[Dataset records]
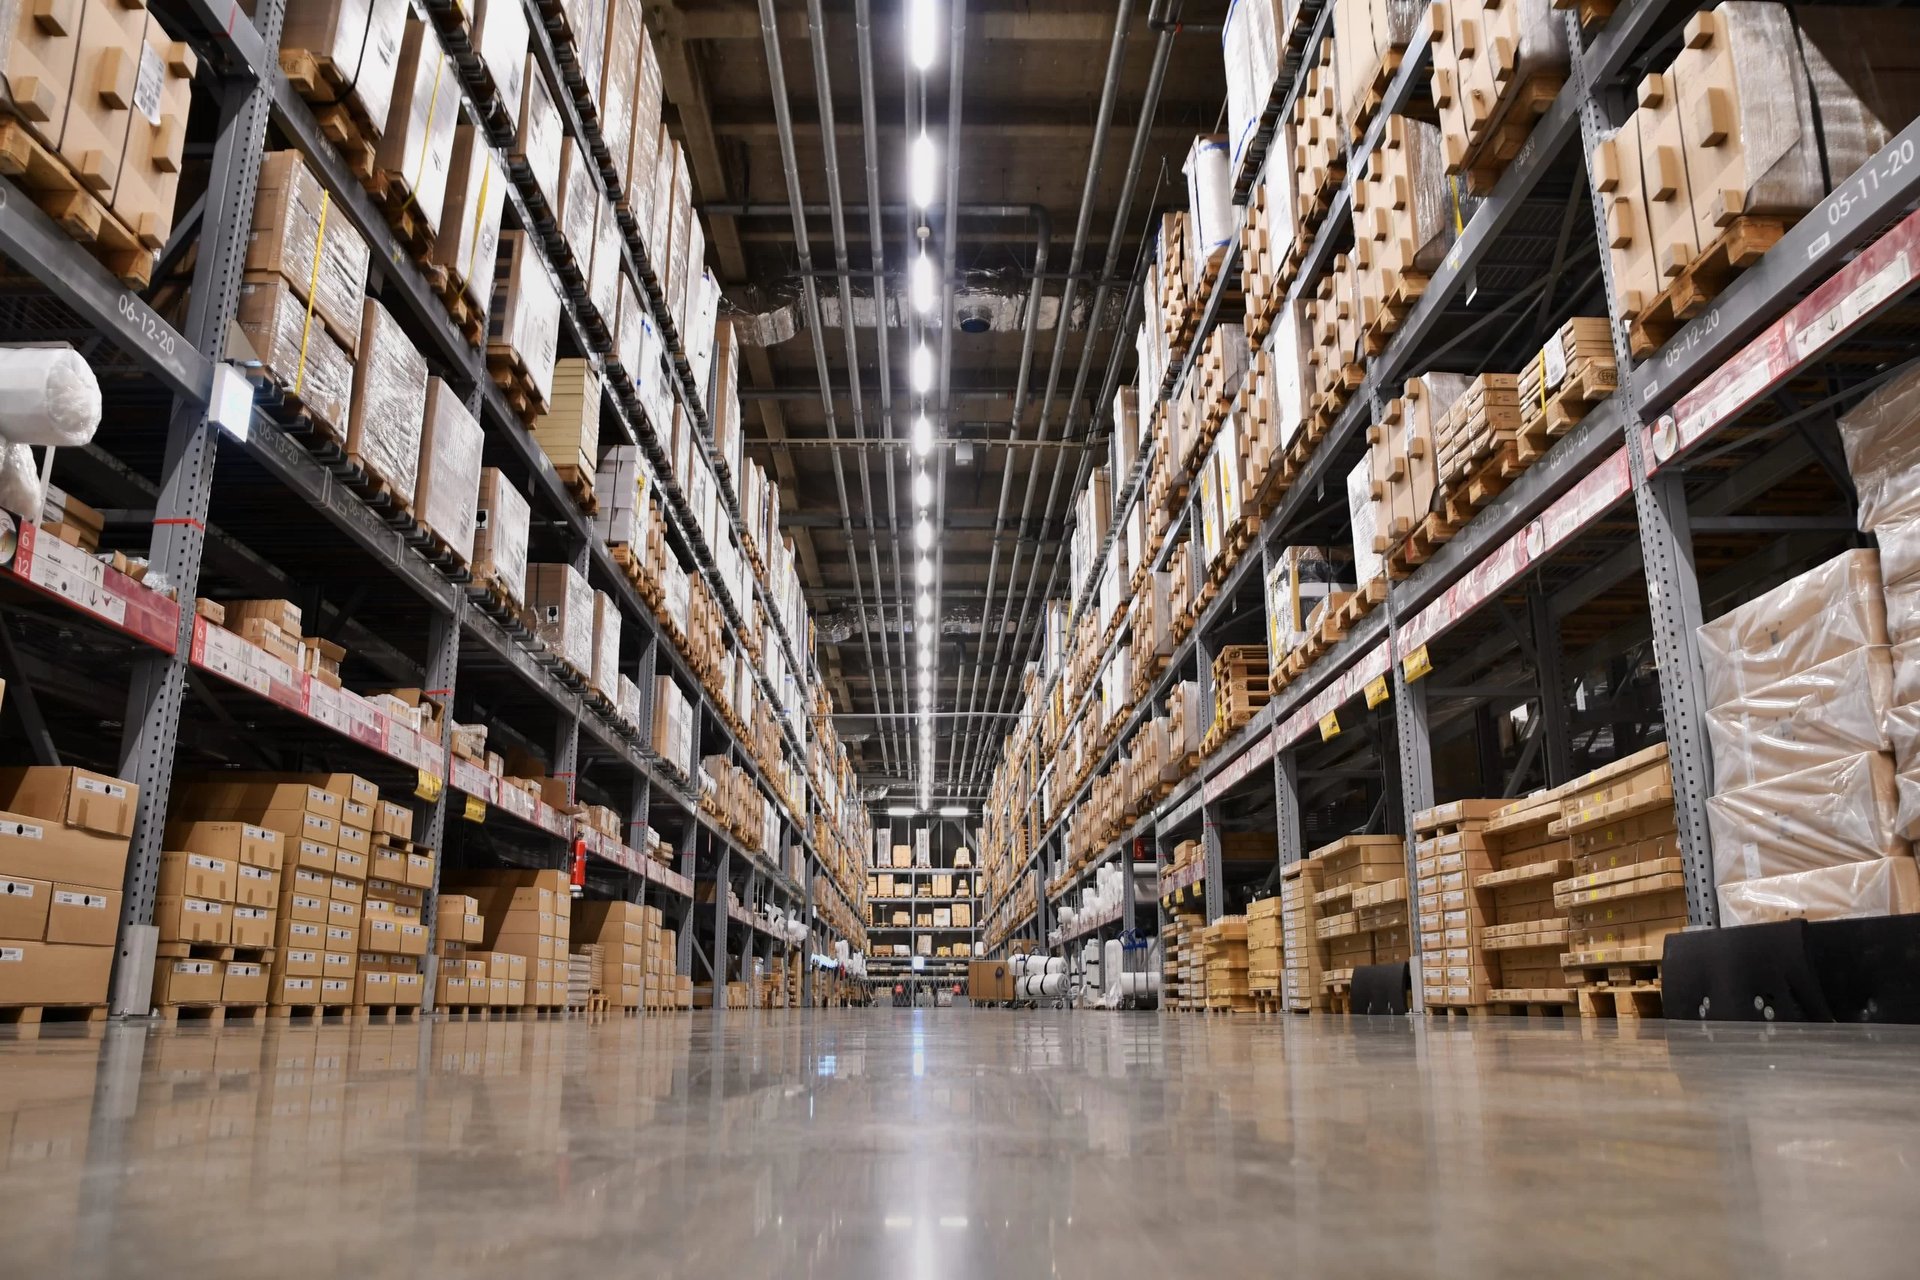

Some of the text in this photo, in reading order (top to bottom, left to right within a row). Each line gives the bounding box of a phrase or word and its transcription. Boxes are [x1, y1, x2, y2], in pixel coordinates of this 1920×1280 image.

[1828, 139, 1915, 226] 05-11-20
[118, 294, 175, 355] 06-12-20
[1665, 309, 1720, 368] 05-12-20
[260, 421, 299, 465] 06-13-20
[1550, 426, 1589, 470] 05-13-20
[22, 531, 30, 550] 6
[17, 556, 29, 576] 12
[197, 628, 204, 640] 6
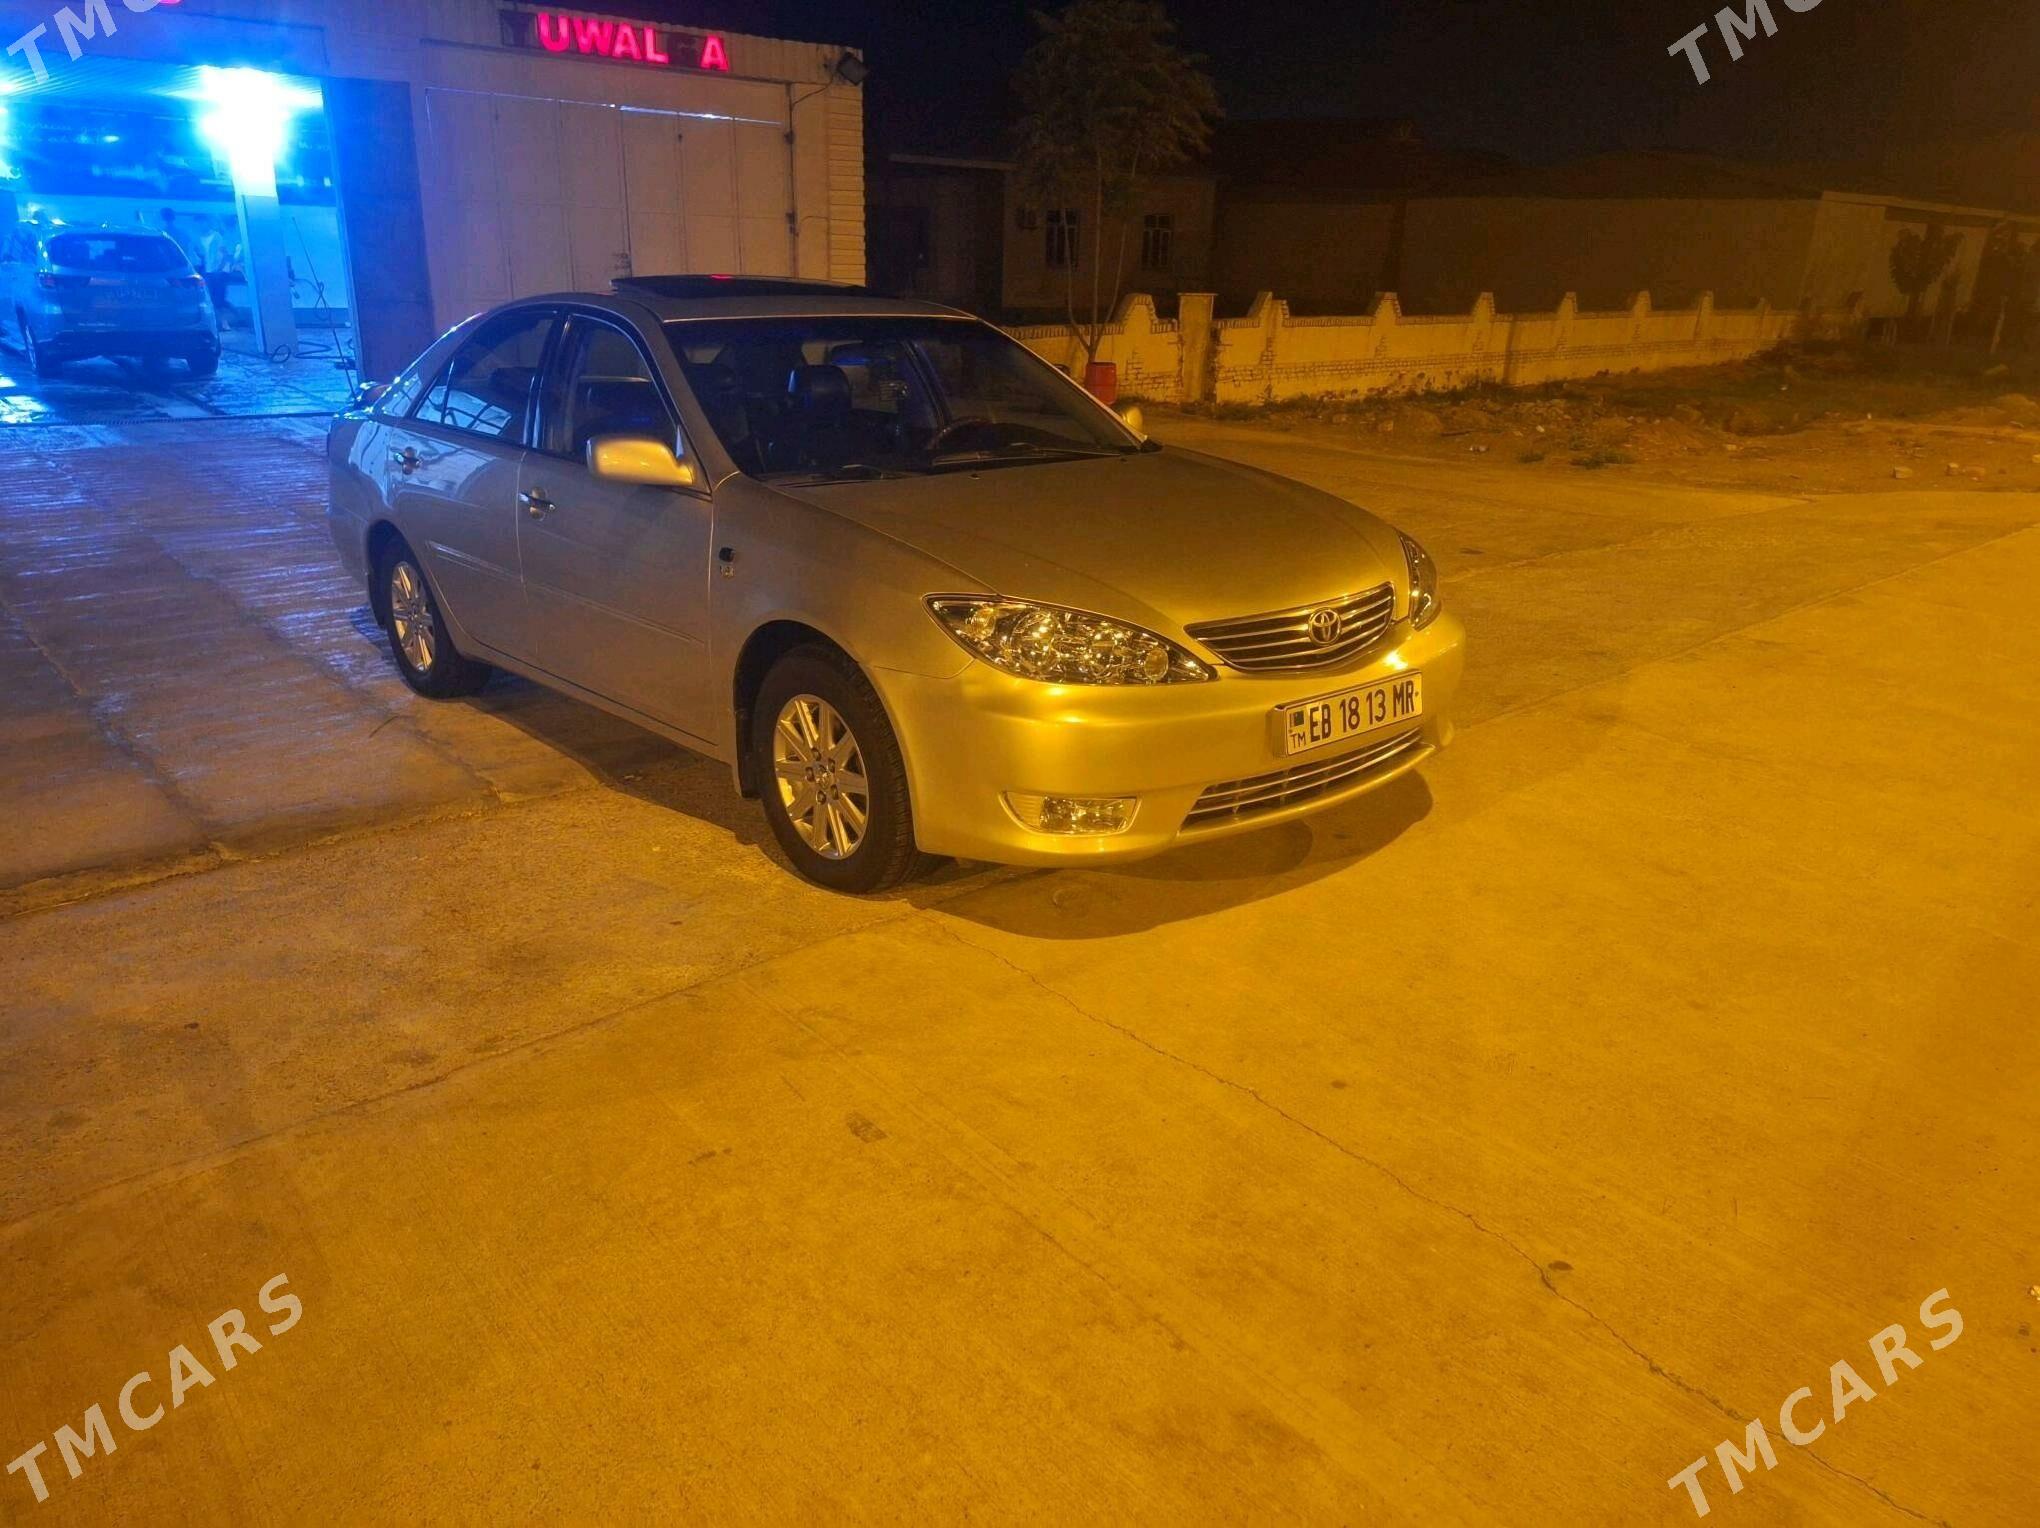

PROBLEM DESCRIPTION = Copy the lines above exactly and exclude every image.

ANSWER SECTION =
Some of the text in this photo, in reading order (top to bottom, left to right within a row). Each line gives the bounding box of a phrase or word and its transcription. Boxes are [x1, y1, x2, y2], in pixel coordinates of this 1920×1280 image.

[1828, 139, 1915, 226] 05-11-20
[118, 294, 175, 355] 06-12-20
[1665, 309, 1720, 368] 05-12-20
[260, 421, 299, 465] 06-13-20
[1550, 426, 1589, 470] 05-13-20
[22, 531, 30, 550] 6
[17, 556, 29, 576] 12
[197, 628, 204, 640] 6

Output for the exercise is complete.